Gene Kelly in The Pirate, Peter O'Toole in My Favorite Year, Jeff Daniels in The Purple Rose of Cairo -- each played an actor forced to project his romantic persona into real life. There are few things funnier or more touching than the sight of a performer's image slipping down around his knees while he tries to yank it into place before anyone notices he is only human.
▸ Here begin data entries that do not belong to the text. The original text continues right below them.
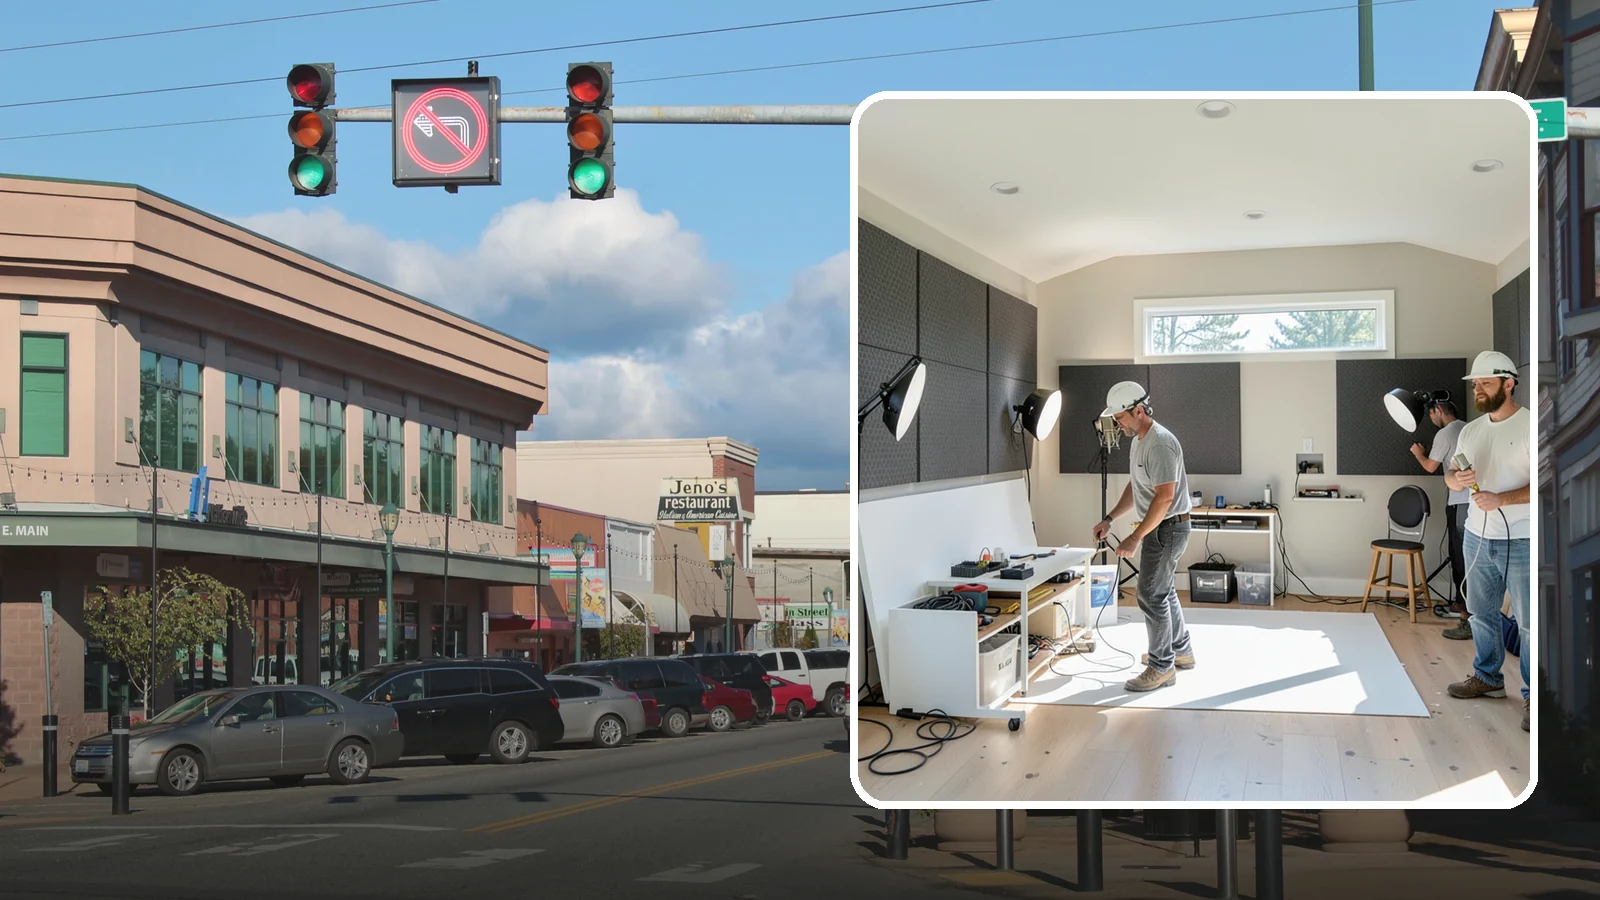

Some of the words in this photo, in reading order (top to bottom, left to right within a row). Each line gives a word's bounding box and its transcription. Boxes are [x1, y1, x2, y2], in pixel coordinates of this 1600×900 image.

[670, 480, 727, 494] Jeno's
[665, 496, 731, 509] restaurant
[658, 510, 681, 519] Italian
[686, 509, 714, 519] American
[714, 509, 737, 519] Cuisine
[2, 525, 13, 536] E.
[15, 525, 49, 536] MAIN
[797, 608, 828, 616] Street
To the ranks of those who have braved this indignity in the cause of laughter must be added Steve Martin, Chevy Chase and Martin Short. They play a team of silent movie heroes who from a distance look like just the fellows to save a Mexican village from the depredations of El Guapo and his bandidos. Alas, the telegram inviting them to jump down off the screen and into the dusty Mexican streets is garbled in transmission; to the trio it reads like a bid to make a profitable personal appearance. And it arrives when they need money; their studio boss (Joe Mantegna) has fired them for making an outrageous salary demand: payment in cash rather than in freebies.
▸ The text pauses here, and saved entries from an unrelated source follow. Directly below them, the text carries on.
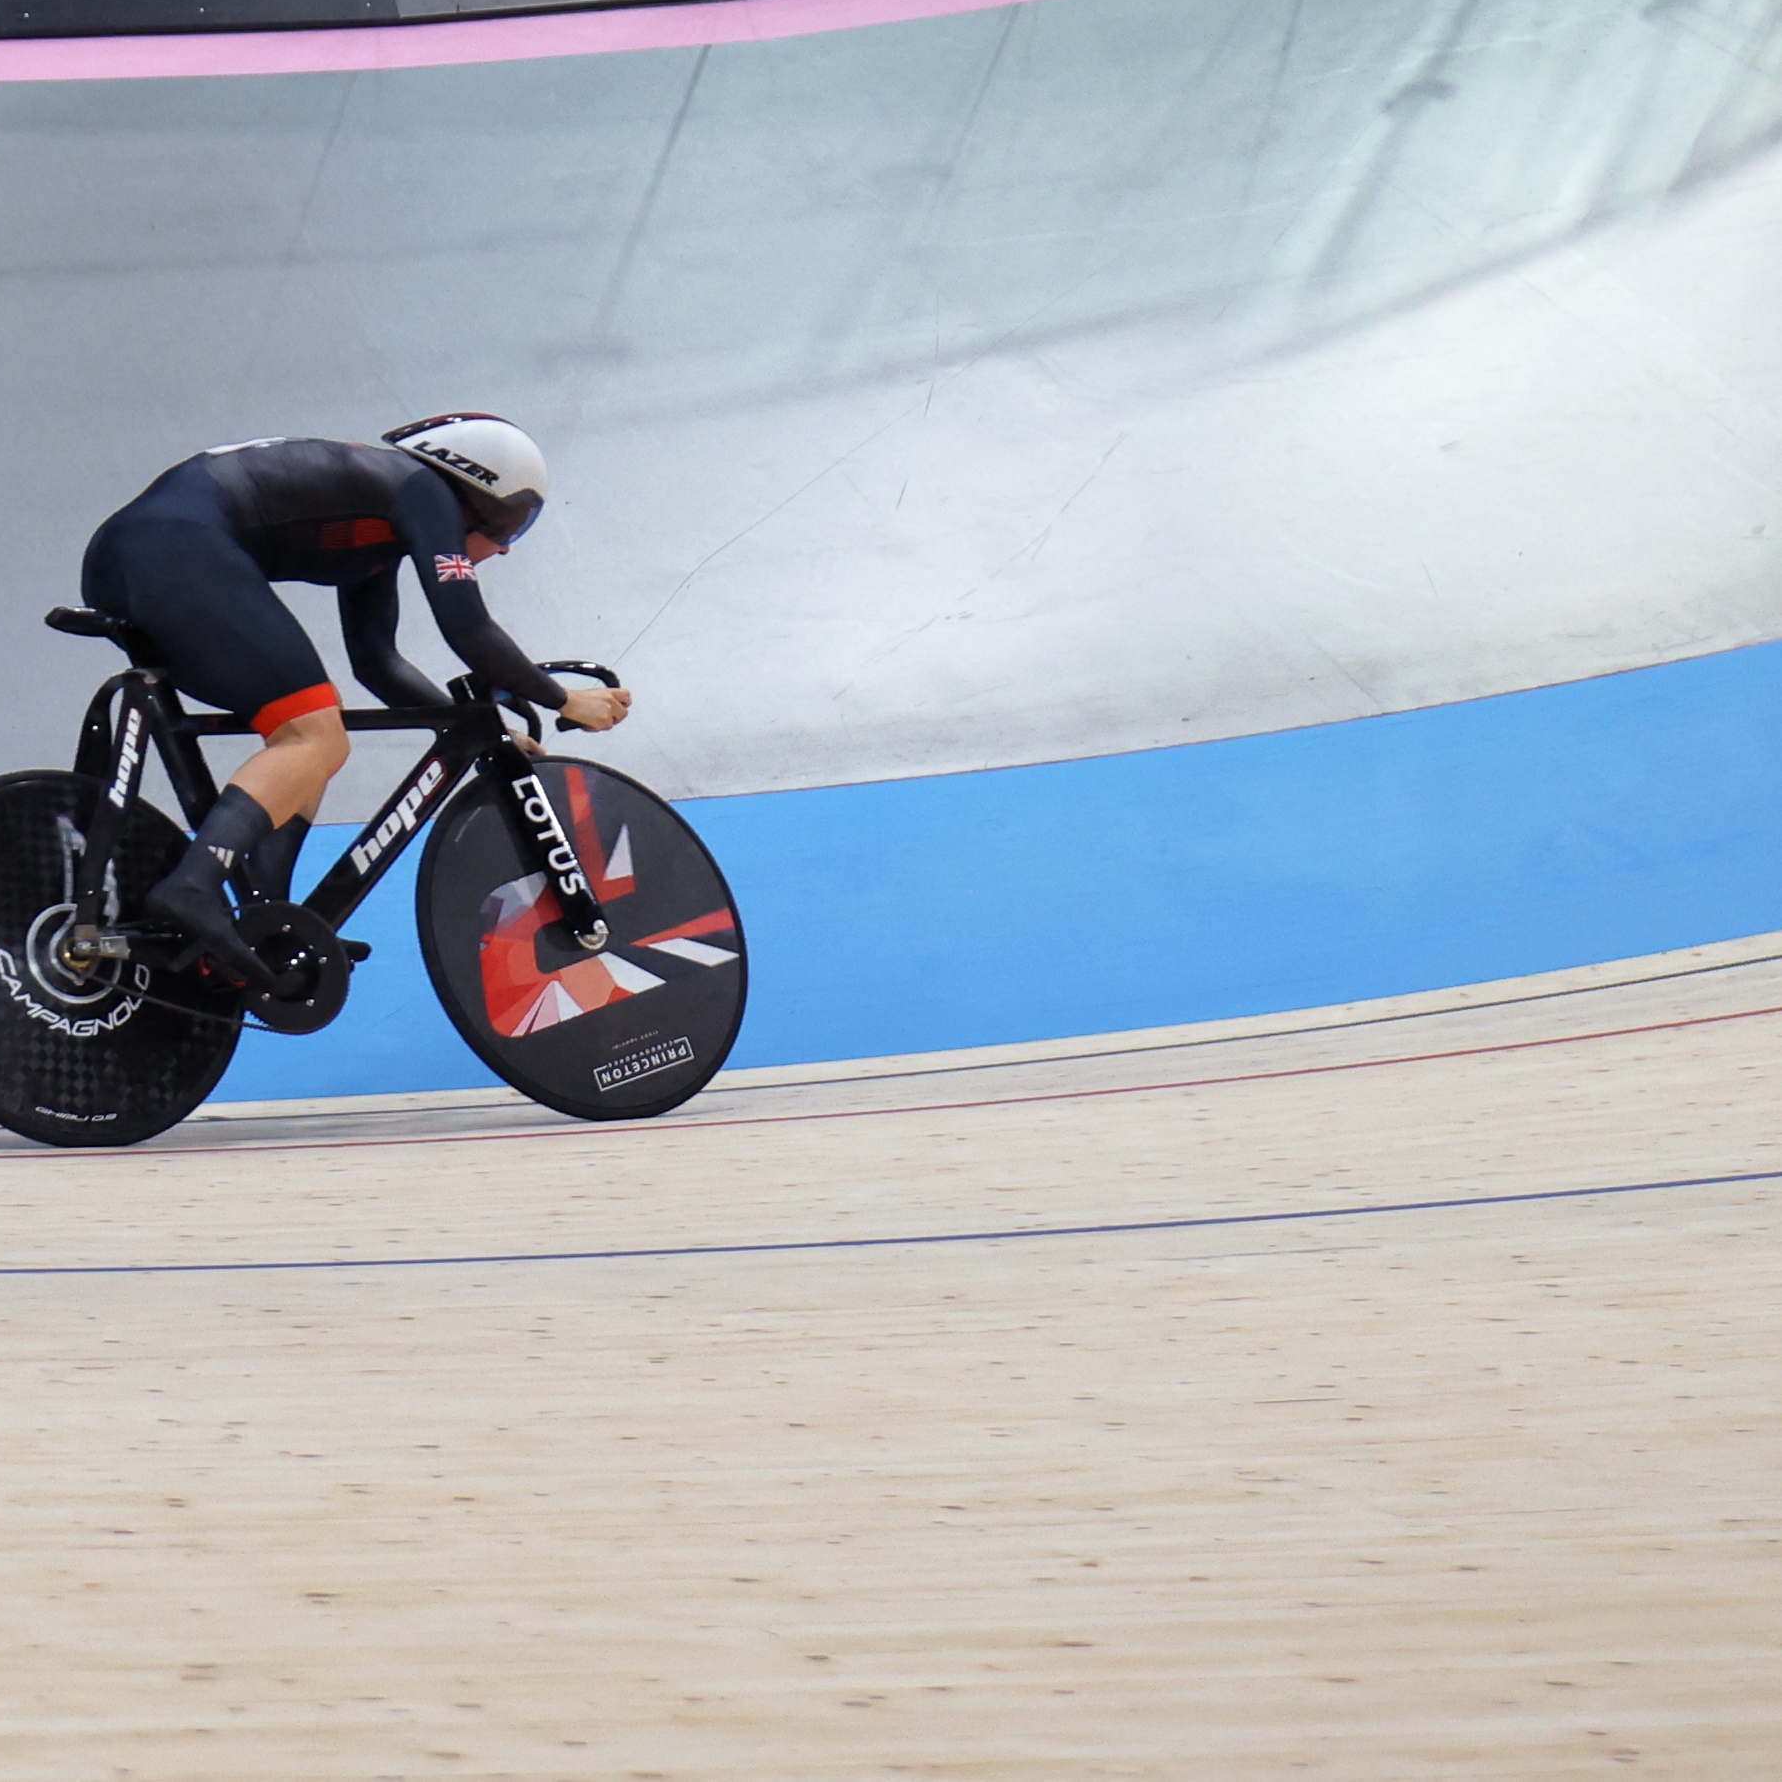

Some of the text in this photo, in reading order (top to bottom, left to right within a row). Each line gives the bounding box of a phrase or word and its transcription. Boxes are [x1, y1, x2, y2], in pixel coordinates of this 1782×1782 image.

[413, 440, 500, 486] LAZER
[108, 707, 142, 809] hope
[350, 760, 444, 875] hope
[511, 773, 585, 896] LOTUS
[600, 1044, 688, 1084] PRINCETON
As usual, Martin (who wrote the script with Co-Producer Lorne Michaels and Songwriter Randy Newman) plays a fellow with misplaced confidence in his own shrewdness; Chase, for a change, plays a stupid man; Short is pretty much along for the ride, though he has the best actor's moment, choking himself up as he tells some bewildered children about the high point of his life, when Dorothy Gish praised one of his performances. There is a lot of good, broad comedy in Three Amigos!, notably an encounter with a singing bush that knows only public domain songs and Martin's turning an attempt to escape from a dungeon into a parody of a Nautilus workout. Under John Landis' slaphappy direction, the movie does not always bounce that wildly off the wall. But Monty Python would not entirely disown it either.

By Richard Schickel

LITTLE SHOP OF HORRORS

Seymour Krelborn (Rick Moranis) is a skid row nerd, languishing in Mushnik's Flower Shop. He loves the tramp goddess Audrey (Ellen Greene), but she too willingly suffers the bondage and discipline of the notorious Orin Scrivello, D.D.S. (Steve Martin). Not until Seymour strikes a Faustian bargain with a talking plant he calls Audrey II does our hero find the girl of his dreams. And the killer vegetation of his most festering nightmares.
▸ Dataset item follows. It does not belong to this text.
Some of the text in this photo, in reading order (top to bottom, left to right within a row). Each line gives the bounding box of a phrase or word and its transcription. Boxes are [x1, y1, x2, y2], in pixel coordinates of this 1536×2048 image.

You can try not liking this adaptation of the Off-Broadway musical hit -- it has no polish and a pushy way with a gag -- but the movie sneaks up on you, about as subtly as Audrey II. The songs are neat pastiches of '60s pop. The plant is an animatronic wonder, all blue gums, naughty tendrils and mighty mouth. Moranis and Greene make for a comely-homely pair of thwarted lovers, and Martin is his hilarious self, libeling all dentists who had just managed to forget Marathon Man. Then Bill Murray shows up as the perfect dental patient, sublime masochist to Martin's cheerful sadist, and strolls away with ; the picture. Little Shop never quite recovers its bearings; the viewer may not either. Death by laughter. -- By Richard Corliss

THE MORNING AFTER

Here it is, the worst nightmare of the singles scene: you go home with someone whose name you didn't quite catch in the bar, spend the night with him or her, and wake up to find your brief encounter permanently dead beside you.